In Canada , the Merger Enforcement Guidelines of 1991 adopt the approach that vertical mergers rarely present sufficient ground for enforcement action. The Director of Investigation and Research at the Bureau of Competition Policy is unlikely to conclude that a vertical merger is likely to prevent or lessen competition substantially unless:
the merger results in rendering unlikely entry into the primary market on a scale sufficient to eliminate a material price increase within two years , due to the need to simultaneously enter the secondary market ; and
the exercise of market power in the primary market is likely to be facilitated by the merger in the absence of such entry . (Merger Guidelines para 4.11.1)
This comparative approach to vertical transactions assists in the development of the interpretative approach to s12A where the threshold test to be considered by the Commission or the Tribunal is whether or not the merger is likely to substantially prevent or lessen competition. As Mr Unterhalter who appeared on behalf of appellants contended, the requirements set out in section 12A capture the central premise of merger control, being that transactions should be permitted unless it can be shown that the threshold requirement has been met on the basis of evidence placed before the Tribunal. Only, if such a test is met do questions of technology, efficiency and public interest become important.
The approach of the Tribunal.
The Tribunal emphasized that there was clear evidence that there was a high horizontal market concentration in both the sectors involved in the proposed merger, namely in the production of candle wax and in the production of household candles . First appellant enjoys a 75% share of the upstream industry in South Africa while second appellant enjoys a 42% of the downstream industry in South Africa.
The Tribunal found that the merger would affect both the upstream and downstream markets. It would prevent or lessen competition in the upstream wax market by raising barriers to entry. A potential entrant would be unable to sell its output of wax to the largest candle producer, being second appellant and may even be forced to enter candle manufacturing itself. The acquisition of 100% of the shares in second appellant would enable first appellant to protect its monopoly position in the candle wax market.

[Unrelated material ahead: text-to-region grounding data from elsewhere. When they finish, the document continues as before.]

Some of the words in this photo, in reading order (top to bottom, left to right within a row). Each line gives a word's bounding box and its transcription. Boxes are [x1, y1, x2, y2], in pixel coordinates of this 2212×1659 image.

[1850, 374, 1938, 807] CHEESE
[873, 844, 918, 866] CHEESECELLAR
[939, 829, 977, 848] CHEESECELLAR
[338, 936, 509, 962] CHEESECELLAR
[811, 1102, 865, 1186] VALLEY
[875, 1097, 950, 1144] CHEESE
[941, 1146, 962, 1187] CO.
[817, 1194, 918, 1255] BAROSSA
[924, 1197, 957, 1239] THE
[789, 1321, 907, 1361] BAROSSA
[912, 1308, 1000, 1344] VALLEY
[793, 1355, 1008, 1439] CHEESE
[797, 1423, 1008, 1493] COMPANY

After the merger, first appellant would discriminate in favour of second appellant relative to the latter’s competitors, thus consolidating and extending second appellant’s powerful position in the manufacture of candles. Even were first appellant to desist from engaging in such discriminatory practices, second appellant would gain from its upstream parent’s knowledge of the capacities, demands and strategies of its rivals who would be forced to enter into supply agreements with first appellant.

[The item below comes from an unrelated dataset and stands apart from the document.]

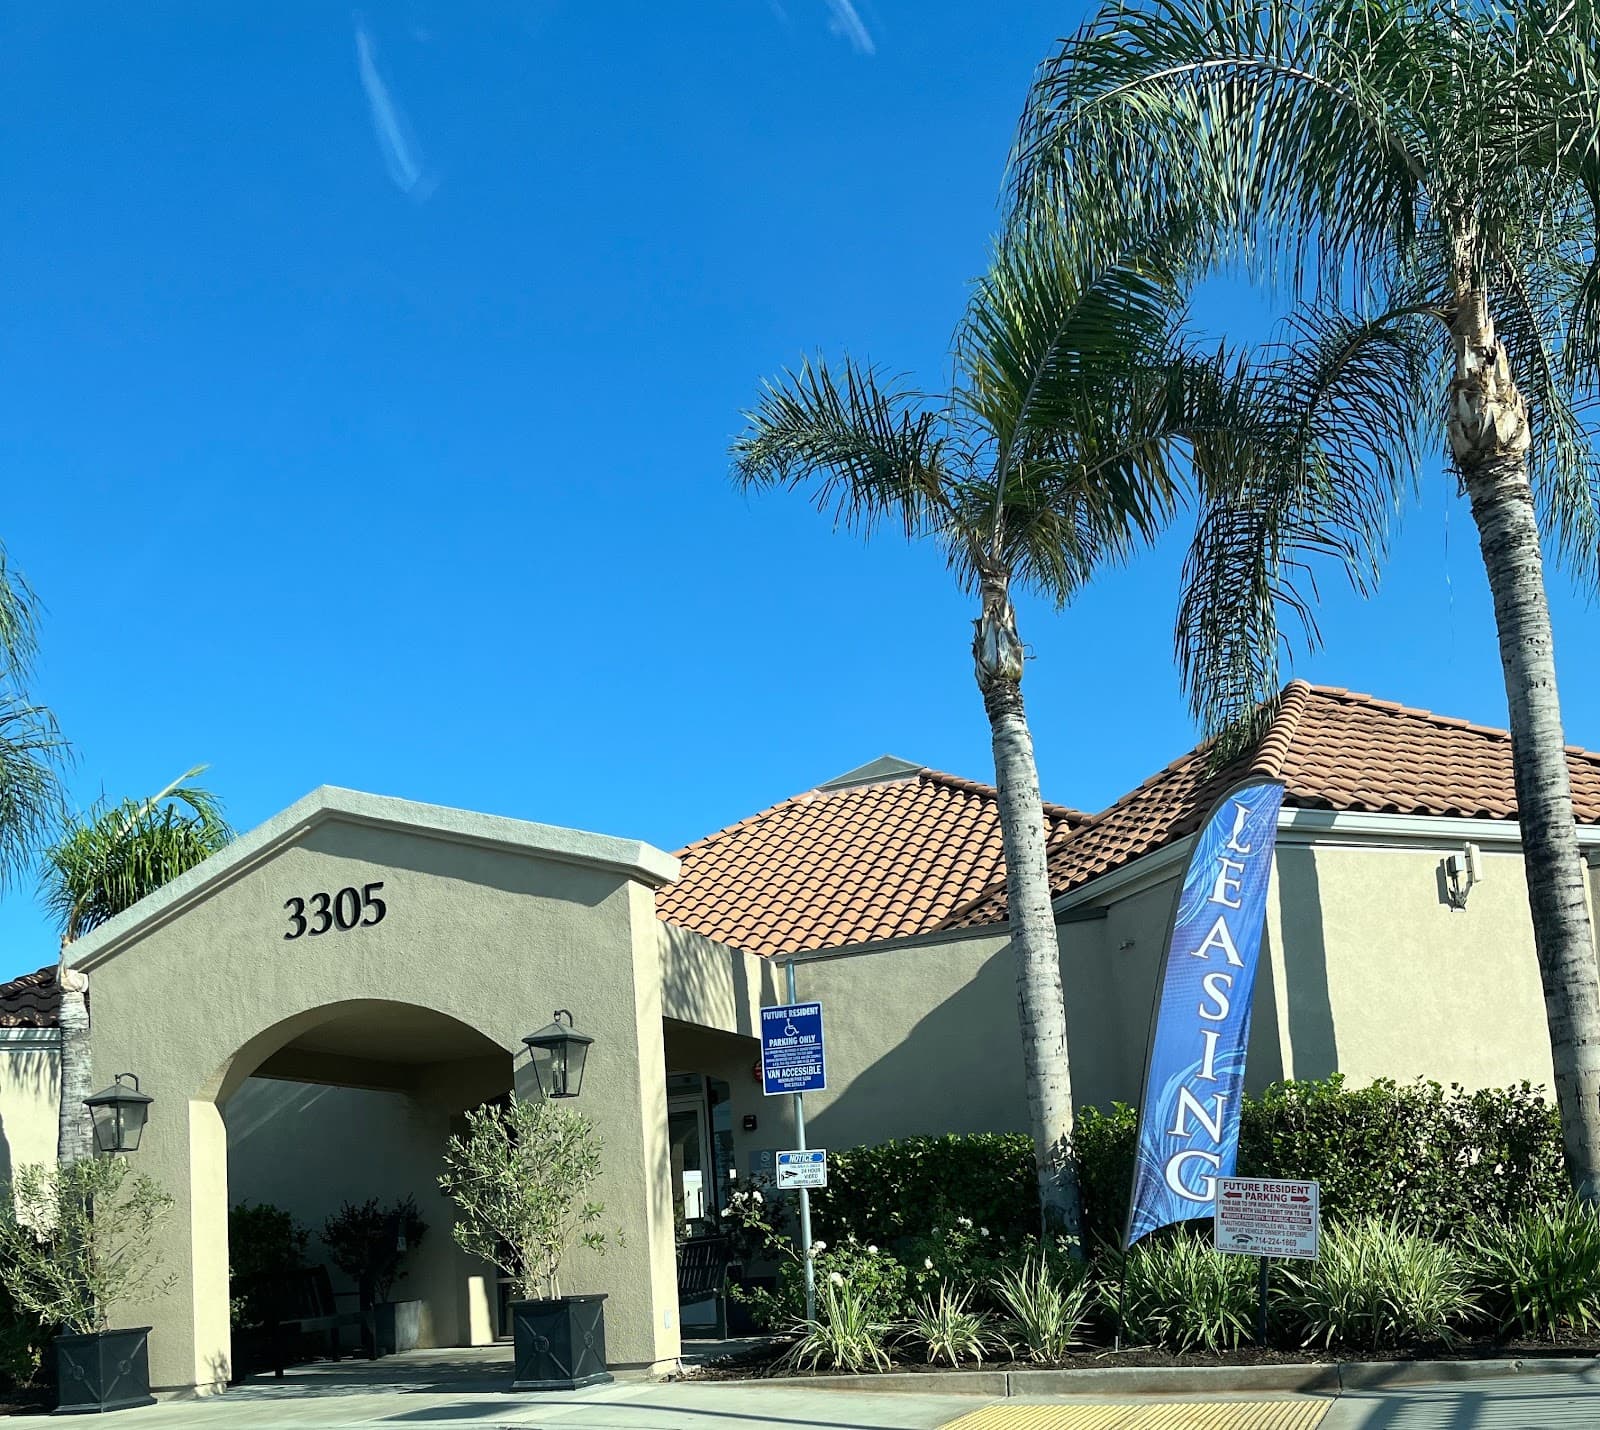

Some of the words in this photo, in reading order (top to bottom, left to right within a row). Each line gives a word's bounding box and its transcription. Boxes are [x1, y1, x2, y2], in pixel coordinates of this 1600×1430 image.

With regard to the upstream market the Tribunal found that the transaction would ensure that first appellant’s competitors would be:
“… reduced to the role of bit players participating at the fringes of the market. They are excluded from the largest part of the market in an area of production subject to scale economies and in which the respective participants – the supplier and customer – placed a high premium of certainty of supply and demand. Their only way of entering the upstream candle wax market would be to enter simultaneously the downstream candle market but this is unlikely to happen. Like SCHS, they are not candle manufacturers and, in a market where there is already one dominant candle producer , one owned moreover, by the dominant competitor in the candle wax market, this approach is fraught with risk”.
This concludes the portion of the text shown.